Spatial localization data
--
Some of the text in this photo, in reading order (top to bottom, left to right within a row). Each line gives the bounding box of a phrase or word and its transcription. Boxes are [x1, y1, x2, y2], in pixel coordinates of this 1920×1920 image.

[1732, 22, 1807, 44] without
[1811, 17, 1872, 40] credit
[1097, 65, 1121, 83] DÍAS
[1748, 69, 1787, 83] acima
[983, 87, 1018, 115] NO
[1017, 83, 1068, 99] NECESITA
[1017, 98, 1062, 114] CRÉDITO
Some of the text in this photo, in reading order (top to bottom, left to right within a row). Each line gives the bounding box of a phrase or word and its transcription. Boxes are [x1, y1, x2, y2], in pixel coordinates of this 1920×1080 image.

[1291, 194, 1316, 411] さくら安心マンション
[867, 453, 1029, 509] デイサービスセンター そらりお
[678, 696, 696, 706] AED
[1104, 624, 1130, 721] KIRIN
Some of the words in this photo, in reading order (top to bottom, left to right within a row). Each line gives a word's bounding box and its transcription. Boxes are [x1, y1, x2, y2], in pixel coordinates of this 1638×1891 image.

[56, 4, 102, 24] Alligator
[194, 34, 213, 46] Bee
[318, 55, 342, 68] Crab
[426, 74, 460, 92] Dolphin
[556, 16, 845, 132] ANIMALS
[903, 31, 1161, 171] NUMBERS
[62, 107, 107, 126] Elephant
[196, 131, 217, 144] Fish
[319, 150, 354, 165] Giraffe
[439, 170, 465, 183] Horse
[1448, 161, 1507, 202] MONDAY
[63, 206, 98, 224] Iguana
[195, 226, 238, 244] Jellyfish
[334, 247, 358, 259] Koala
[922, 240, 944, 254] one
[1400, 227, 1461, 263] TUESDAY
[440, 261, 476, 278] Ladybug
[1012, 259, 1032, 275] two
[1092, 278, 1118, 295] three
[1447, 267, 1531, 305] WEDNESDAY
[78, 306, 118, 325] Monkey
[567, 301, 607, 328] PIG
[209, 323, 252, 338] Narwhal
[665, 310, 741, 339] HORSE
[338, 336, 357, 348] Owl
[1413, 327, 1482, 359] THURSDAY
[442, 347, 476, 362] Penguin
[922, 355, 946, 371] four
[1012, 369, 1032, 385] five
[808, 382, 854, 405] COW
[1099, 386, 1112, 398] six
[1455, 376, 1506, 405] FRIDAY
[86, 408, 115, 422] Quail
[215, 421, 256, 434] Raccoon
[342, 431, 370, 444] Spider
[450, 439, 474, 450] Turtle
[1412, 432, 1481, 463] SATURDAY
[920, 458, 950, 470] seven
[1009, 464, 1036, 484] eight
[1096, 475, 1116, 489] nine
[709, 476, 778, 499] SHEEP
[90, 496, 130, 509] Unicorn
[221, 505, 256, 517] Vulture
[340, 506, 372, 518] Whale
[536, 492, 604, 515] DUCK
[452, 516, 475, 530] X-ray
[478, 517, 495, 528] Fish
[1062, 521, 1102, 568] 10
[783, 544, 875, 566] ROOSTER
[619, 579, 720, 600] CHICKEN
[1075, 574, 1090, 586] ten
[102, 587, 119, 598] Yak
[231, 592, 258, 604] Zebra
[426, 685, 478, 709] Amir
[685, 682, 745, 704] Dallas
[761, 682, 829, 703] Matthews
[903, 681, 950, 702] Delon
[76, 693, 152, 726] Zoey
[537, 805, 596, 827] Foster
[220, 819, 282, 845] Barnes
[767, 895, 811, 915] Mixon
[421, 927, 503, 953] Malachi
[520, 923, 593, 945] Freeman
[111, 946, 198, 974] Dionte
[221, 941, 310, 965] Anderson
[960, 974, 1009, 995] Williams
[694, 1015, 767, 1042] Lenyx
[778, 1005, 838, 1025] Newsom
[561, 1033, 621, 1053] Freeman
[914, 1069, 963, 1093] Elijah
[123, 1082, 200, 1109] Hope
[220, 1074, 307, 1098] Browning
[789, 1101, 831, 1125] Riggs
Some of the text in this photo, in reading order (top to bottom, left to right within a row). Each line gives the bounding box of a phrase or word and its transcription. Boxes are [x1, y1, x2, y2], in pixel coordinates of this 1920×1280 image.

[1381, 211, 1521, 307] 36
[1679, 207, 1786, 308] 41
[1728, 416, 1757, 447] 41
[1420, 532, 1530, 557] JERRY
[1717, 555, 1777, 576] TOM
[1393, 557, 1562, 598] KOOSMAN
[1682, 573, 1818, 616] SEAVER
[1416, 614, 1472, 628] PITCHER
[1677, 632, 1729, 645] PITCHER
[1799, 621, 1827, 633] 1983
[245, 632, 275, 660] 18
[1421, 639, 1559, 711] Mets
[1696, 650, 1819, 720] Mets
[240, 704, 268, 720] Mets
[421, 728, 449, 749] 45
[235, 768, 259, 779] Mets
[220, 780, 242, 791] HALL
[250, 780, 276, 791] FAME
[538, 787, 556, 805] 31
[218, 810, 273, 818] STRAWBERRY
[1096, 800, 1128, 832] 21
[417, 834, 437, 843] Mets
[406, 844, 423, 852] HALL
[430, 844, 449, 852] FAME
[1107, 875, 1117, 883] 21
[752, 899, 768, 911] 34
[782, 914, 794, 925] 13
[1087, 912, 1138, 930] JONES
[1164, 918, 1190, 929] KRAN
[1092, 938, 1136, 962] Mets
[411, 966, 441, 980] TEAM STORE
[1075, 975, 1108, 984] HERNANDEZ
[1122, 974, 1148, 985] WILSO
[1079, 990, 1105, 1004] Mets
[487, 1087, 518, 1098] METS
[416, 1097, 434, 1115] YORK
--
▸ **Task to carry out**
All lines of the data above must be repeated exactly.

▸ **Exercise response**
Some of the text in this photo, in reading order (top to bottom, left to right within a row). Each line gives the bounding box of a phrase or word and its transcription. Boxes are [x1, y1, x2, y2], in pixel coordinates of this 1920×1920 image.

[1732, 22, 1807, 44] without
[1811, 17, 1872, 40] credit
[1097, 65, 1121, 83] DÍAS
[1748, 69, 1787, 83] acima
[983, 87, 1018, 115] NO
[1017, 83, 1068, 99] NECESITA
[1017, 98, 1062, 114] CRÉDITO
Some of the text in this photo, in reading order (top to bottom, left to right within a row). Each line gives the bounding box of a phrase or word and its transcription. Boxes are [x1, y1, x2, y2], in pixel coordinates of this 1920×1080 image.

[1291, 194, 1316, 411] さくら安心マンション
[867, 453, 1029, 509] デイサービスセンター そらりお
[678, 696, 696, 706] AED
[1104, 624, 1130, 721] KIRIN
Some of the words in this photo, in reading order (top to bottom, left to right within a row). Each line gives a word's bounding box and its transcription. Boxes are [x1, y1, x2, y2], in pixel coordinates of this 1638×1891 image.

[56, 4, 102, 24] Alligator
[194, 34, 213, 46] Bee
[318, 55, 342, 68] Crab
[426, 74, 460, 92] Dolphin
[556, 16, 845, 132] ANIMALS
[903, 31, 1161, 171] NUMBERS
[62, 107, 107, 126] Elephant
[196, 131, 217, 144] Fish
[319, 150, 354, 165] Giraffe
[439, 170, 465, 183] Horse
[1448, 161, 1507, 202] MONDAY
[63, 206, 98, 224] Iguana
[195, 226, 238, 244] Jellyfish
[334, 247, 358, 259] Koala
[922, 240, 944, 254] one
[1400, 227, 1461, 263] TUESDAY
[440, 261, 476, 278] Ladybug
[1012, 259, 1032, 275] two
[1092, 278, 1118, 295] three
[1447, 267, 1531, 305] WEDNESDAY
[78, 306, 118, 325] Monkey
[567, 301, 607, 328] PIG
[209, 323, 252, 338] Narwhal
[665, 310, 741, 339] HORSE
[338, 336, 357, 348] Owl
[1413, 327, 1482, 359] THURSDAY
[442, 347, 476, 362] Penguin
[922, 355, 946, 371] four
[1012, 369, 1032, 385] five
[808, 382, 854, 405] COW
[1099, 386, 1112, 398] six
[1455, 376, 1506, 405] FRIDAY
[86, 408, 115, 422] Quail
[215, 421, 256, 434] Raccoon
[342, 431, 370, 444] Spider
[450, 439, 474, 450] Turtle
[1412, 432, 1481, 463] SATURDAY
[920, 458, 950, 470] seven
[1009, 464, 1036, 484] eight
[1096, 475, 1116, 489] nine
[709, 476, 778, 499] SHEEP
[90, 496, 130, 509] Unicorn
[221, 505, 256, 517] Vulture
[340, 506, 372, 518] Whale
[536, 492, 604, 515] DUCK
[452, 516, 475, 530] X-ray
[478, 517, 495, 528] Fish
[1062, 521, 1102, 568] 10
[783, 544, 875, 566] ROOSTER
[619, 579, 720, 600] CHICKEN
[1075, 574, 1090, 586] ten
[102, 587, 119, 598] Yak
[231, 592, 258, 604] Zebra
[426, 685, 478, 709] Amir
[685, 682, 745, 704] Dallas
[761, 682, 829, 703] Matthews
[903, 681, 950, 702] Delon
[76, 693, 152, 726] Zoey
[537, 805, 596, 827] Foster
[220, 819, 282, 845] Barnes
[767, 895, 811, 915] Mixon
[421, 927, 503, 953] Malachi
[520, 923, 593, 945] Freeman
[111, 946, 198, 974] Dionte
[221, 941, 310, 965] Anderson
[960, 974, 1009, 995] Williams
[694, 1015, 767, 1042] Lenyx
[778, 1005, 838, 1025] Newsom
[561, 1033, 621, 1053] Freeman
[914, 1069, 963, 1093] Elijah
[123, 1082, 200, 1109] Hope
[220, 1074, 307, 1098] Browning
[789, 1101, 831, 1125] Riggs
Some of the text in this photo, in reading order (top to bottom, left to right within a row). Each line gives the bounding box of a phrase or word and its transcription. Boxes are [x1, y1, x2, y2], in pixel coordinates of this 1920×1280 image.

[1381, 211, 1521, 307] 36
[1679, 207, 1786, 308] 41
[1728, 416, 1757, 447] 41
[1420, 532, 1530, 557] JERRY
[1717, 555, 1777, 576] TOM
[1393, 557, 1562, 598] KOOSMAN
[1682, 573, 1818, 616] SEAVER
[1416, 614, 1472, 628] PITCHER
[1677, 632, 1729, 645] PITCHER
[1799, 621, 1827, 633] 1983
[245, 632, 275, 660] 18
[1421, 639, 1559, 711] Mets
[1696, 650, 1819, 720] Mets
[240, 704, 268, 720] Mets
[421, 728, 449, 749] 45
[235, 768, 259, 779] Mets
[220, 780, 242, 791] HALL
[250, 780, 276, 791] FAME
[538, 787, 556, 805] 31
[218, 810, 273, 818] STRAWBERRY
[1096, 800, 1128, 832] 21
[417, 834, 437, 843] Mets
[406, 844, 423, 852] HALL
[430, 844, 449, 852] FAME
[1107, 875, 1117, 883] 21
[752, 899, 768, 911] 34
[782, 914, 794, 925] 13
[1087, 912, 1138, 930] JONES
[1164, 918, 1190, 929] KRAN
[1092, 938, 1136, 962] Mets
[411, 966, 441, 980] TEAM STORE
[1075, 975, 1108, 984] HERNANDEZ
[1122, 974, 1148, 985] WILSO
[1079, 990, 1105, 1004] Mets
[487, 1087, 518, 1098] METS
[416, 1097, 434, 1115] YORK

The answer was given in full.